DistanceDevelopment / Distance

Simple distance sampling analysis
GNU General Public License v3.0
9 stars 8 forks source link

Camera trap distance sampling #64

Closed erex closed 4 years ago

erex commented 4 years ago

There have been two posts to the Distance sampling list requesting either a vignette or training in this subject. I built such a vignette based upon Howe et al.'s 2017 duiker data.

howe-vignette.pdf

I've not shared the analysis with the Distance community because the density estimate produced does not match the estimate published in the paper (19.3 in R and 14.5 in the paper) MEE 2017 distance sampling cameras.pdf

I've not been able to track down the source of the discrepency. Eric shared with me his DistWin project that produced the estimate. I have analysed in R both the data set from Dryad as well as the data extracted from the DistWin project. The Dryad data and the DistWin project data produce identical results in R of 19.3.

I do know where the discrepency does not occur.
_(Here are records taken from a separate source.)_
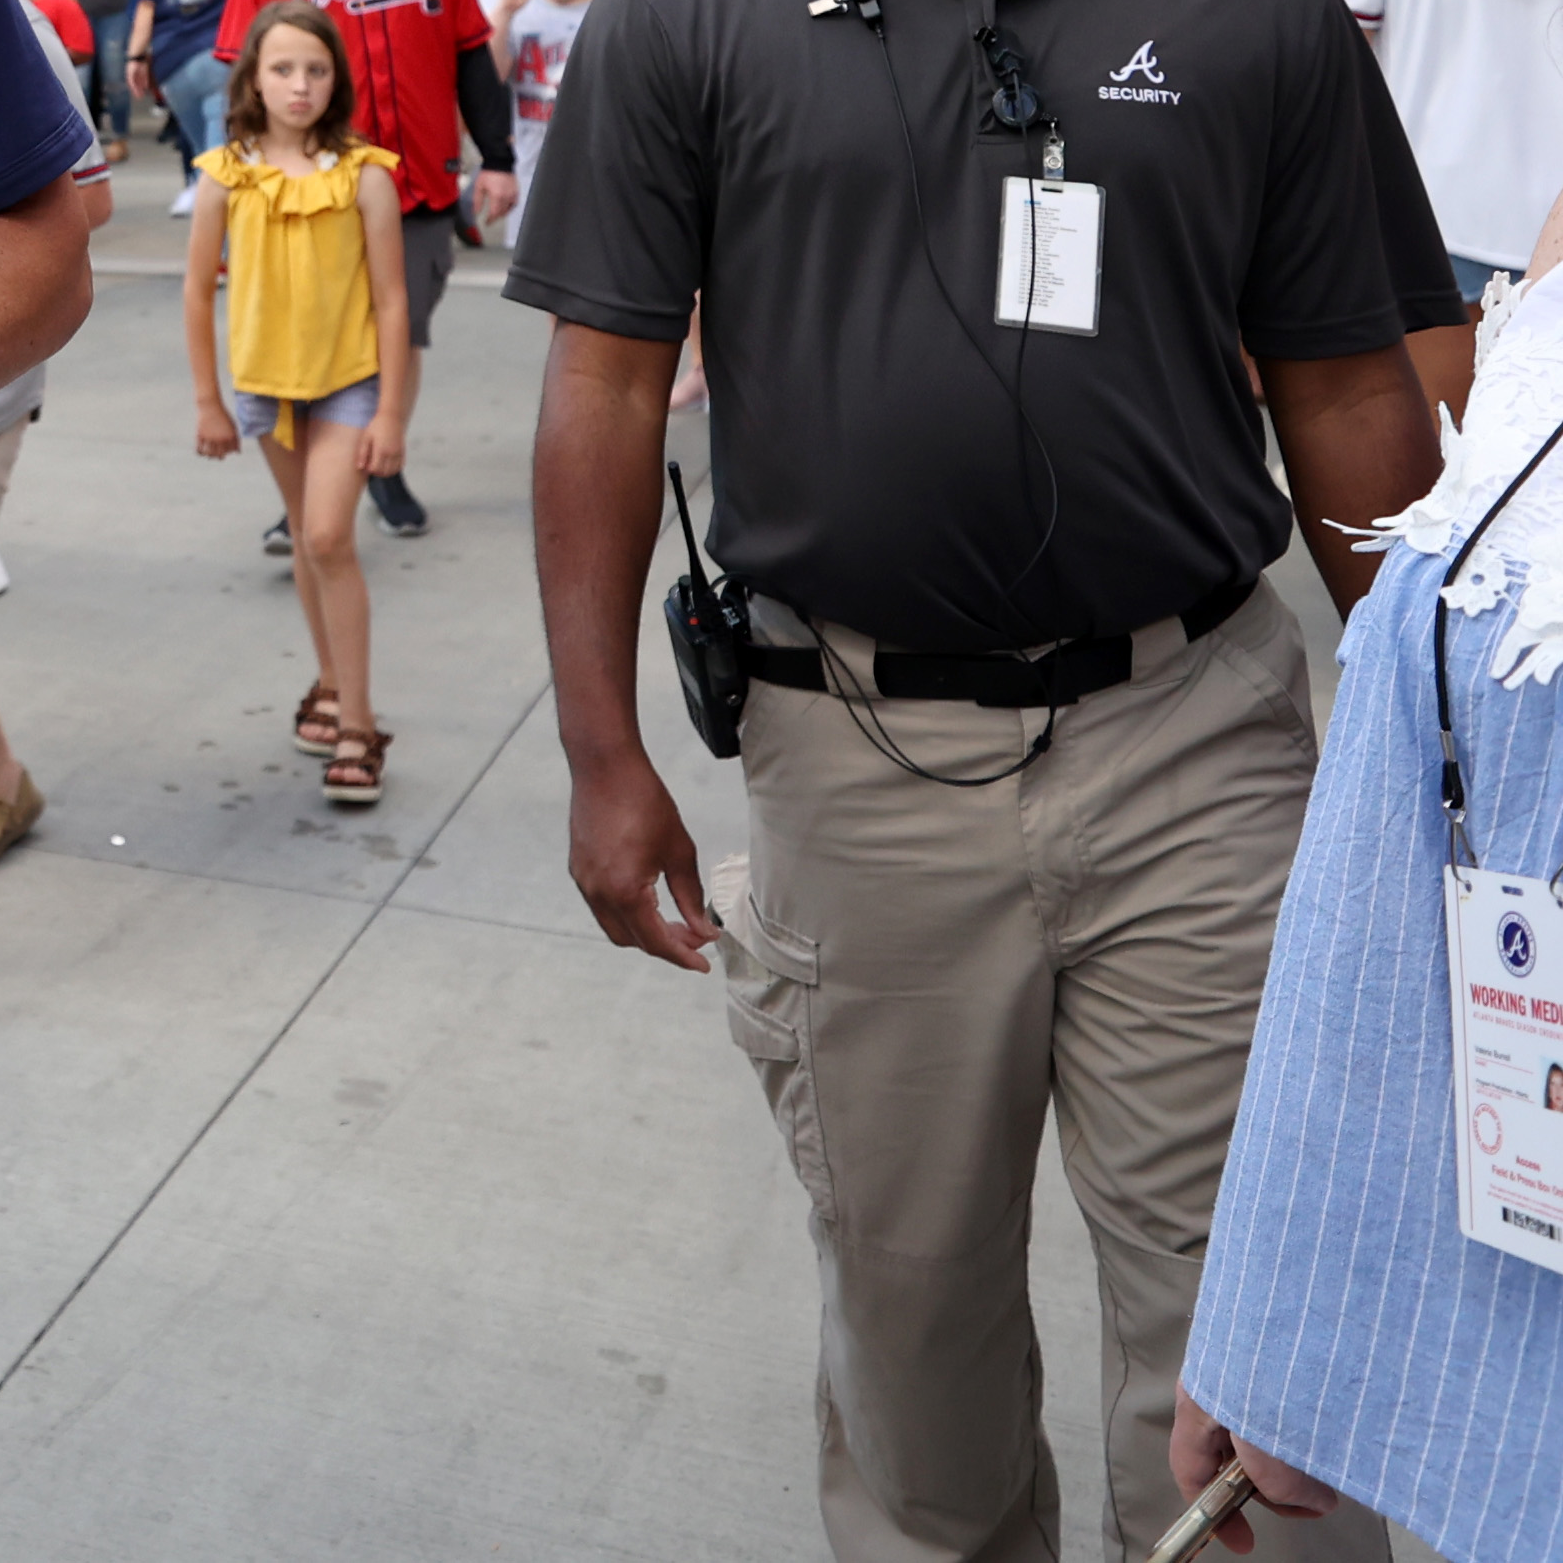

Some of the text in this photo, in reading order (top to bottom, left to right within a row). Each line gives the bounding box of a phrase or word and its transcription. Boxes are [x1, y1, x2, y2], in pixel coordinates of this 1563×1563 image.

[1109, 40, 1165, 84] A
[1098, 86, 1182, 105] SECURITY
[1470, 983, 1527, 1016] WORKING
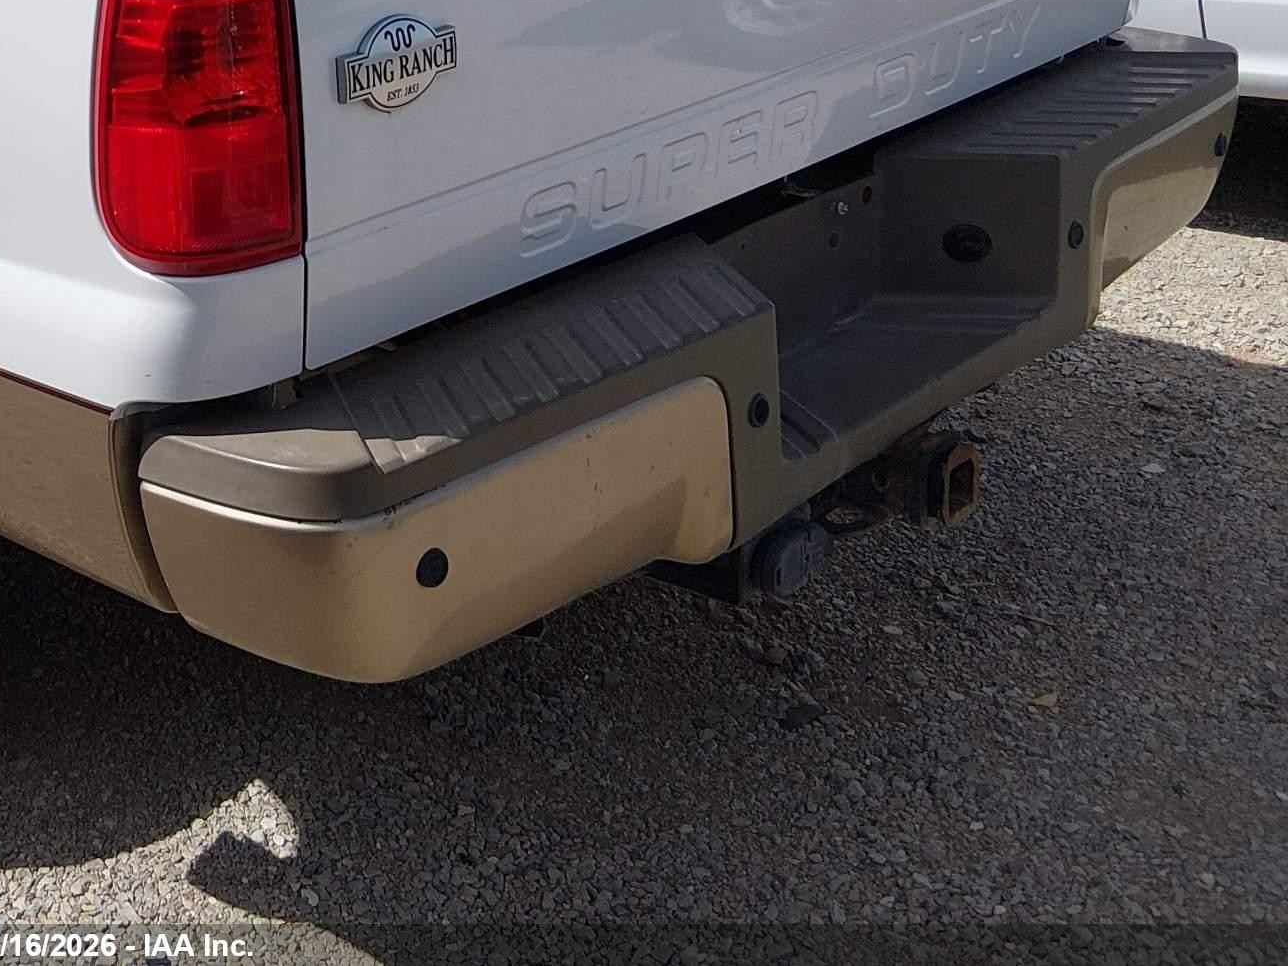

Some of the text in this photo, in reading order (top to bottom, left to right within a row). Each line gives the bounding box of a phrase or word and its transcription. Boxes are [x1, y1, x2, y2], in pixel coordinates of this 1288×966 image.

[350, 37, 455, 94] KING RANCH
[520, 1, 1042, 259] SUPER DUTY
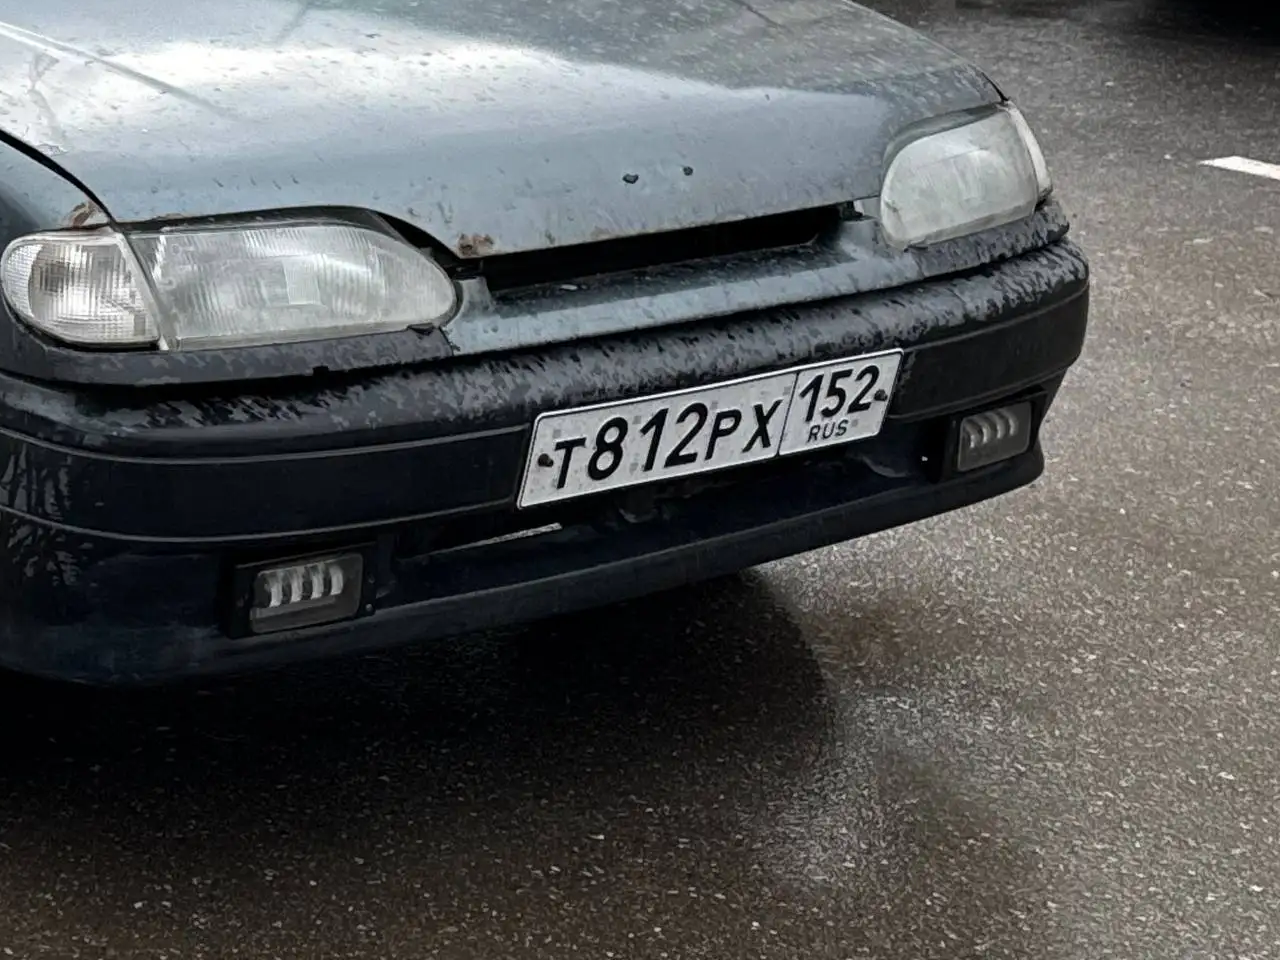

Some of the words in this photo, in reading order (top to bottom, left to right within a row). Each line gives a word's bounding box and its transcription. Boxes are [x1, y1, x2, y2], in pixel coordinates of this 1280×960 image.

[553, 398, 783, 490] Т812РХ
[798, 365, 880, 423] 152
[806, 419, 850, 444] RUS
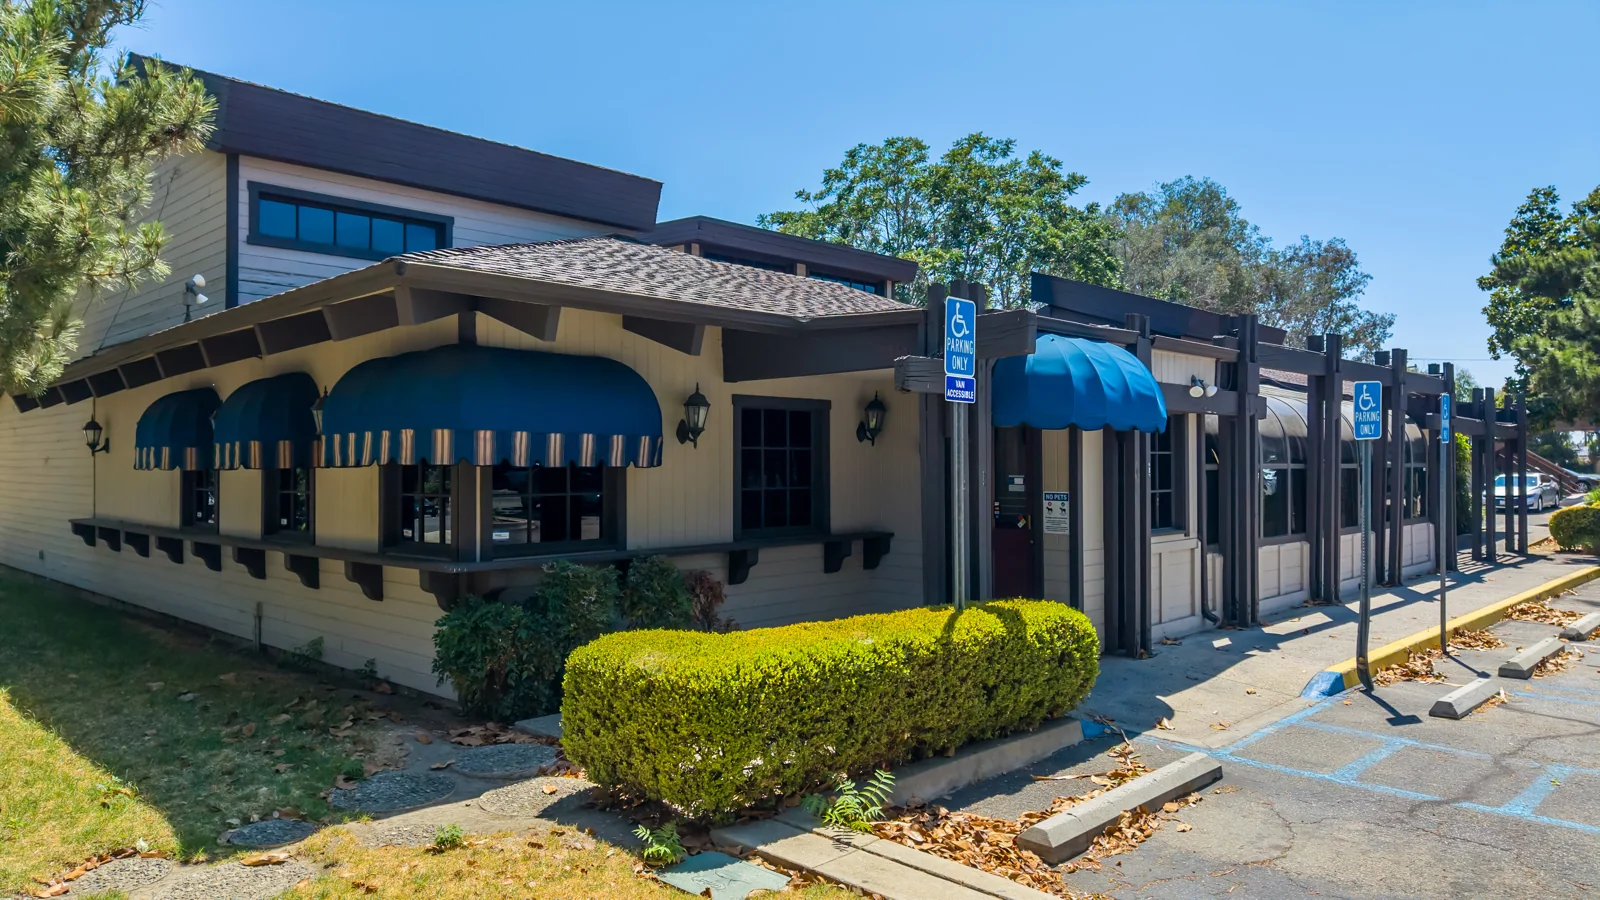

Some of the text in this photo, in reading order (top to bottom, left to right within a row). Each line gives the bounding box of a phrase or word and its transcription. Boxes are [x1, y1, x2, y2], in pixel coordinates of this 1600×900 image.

[947, 337, 974, 355] PARKING
[952, 355, 969, 371] ONLY
[955, 380, 965, 389] VAN
[947, 389, 974, 399] ACCESSIBLE
[1355, 411, 1380, 422] PARKING
[1360, 424, 1375, 435] ONLY
There is no difference in AIC, hazard rate parameter estimates, P_a or EDR between DistWin and R, so the difference in results is not the result of optimisation issues.

Reproducible example

## ----setup, include=FALSE------------------------------------------------------------
knitr::opts_chunk$set(echo = TRUE)

## ---- message=FALSE------------------------------------------------------------------
library(Distance)

## ----cars----------------------------------------------------------------------------
peak.activity <- read.delim("P:/pCloud Sync/Howe viva/PeakDistances.txt")
peak.activity$Area <- peak.activity$Area / 1e+06 # sq m to sq km
col.order <- c("Region.Label", "Area", "multiplier", "Sample.Label", "Effort", "distance")
peak <- peak.activity[, col.order]

## ----pressure, echo=FALSE------------------------------------------------------------
sum(!is.na(peak$distance))
table(peak$Sample.Label)

## ------------------------------------------------------------------------------------
breakpoints <- c(seq(0,8,1), 10, 12, 15, 21)
hist(peak$distance, breaks=breakpoints, main="Peak activity data set",
     xlab="Radial istance (m)")

## ----fit-----------------------------------------------------------------------------
trunc.list <- list(left=2, right=15)
conversion <- convert_units("meter", NULL, "square kilometer")
peak.hn <- ds(peak, transect = "point", key="hn", adjustment="herm",
              cutpoints = c(seq(2,8,1), 10, 12, 15), truncation = trunc.list,
              convert.units = conversion)
peak.unicos <- ds(peak, transect = "point", key="unif", adjustment = "cos",
                  cutpoints = c(seq(2,8,1), 10, 12, 15), truncation = trunc.list,
              convert.units = conversion)
peak.hr <- ds(peak, transect = "point", key="hr", adjustment = "cos", 
              cutpoints = c(seq(2,8,1), 10, 12, 15), truncation = trunc.list,
              convert.units = conversion)
# summary(peak.hr)

## ------------------------------------------------------------------------------------
knitr::kable(summarize_ds_models(peak.hn, peak.unicos, peak.hr), digits = 3, 
             caption="Model selection for three key functions fitted to duiker peak activity data")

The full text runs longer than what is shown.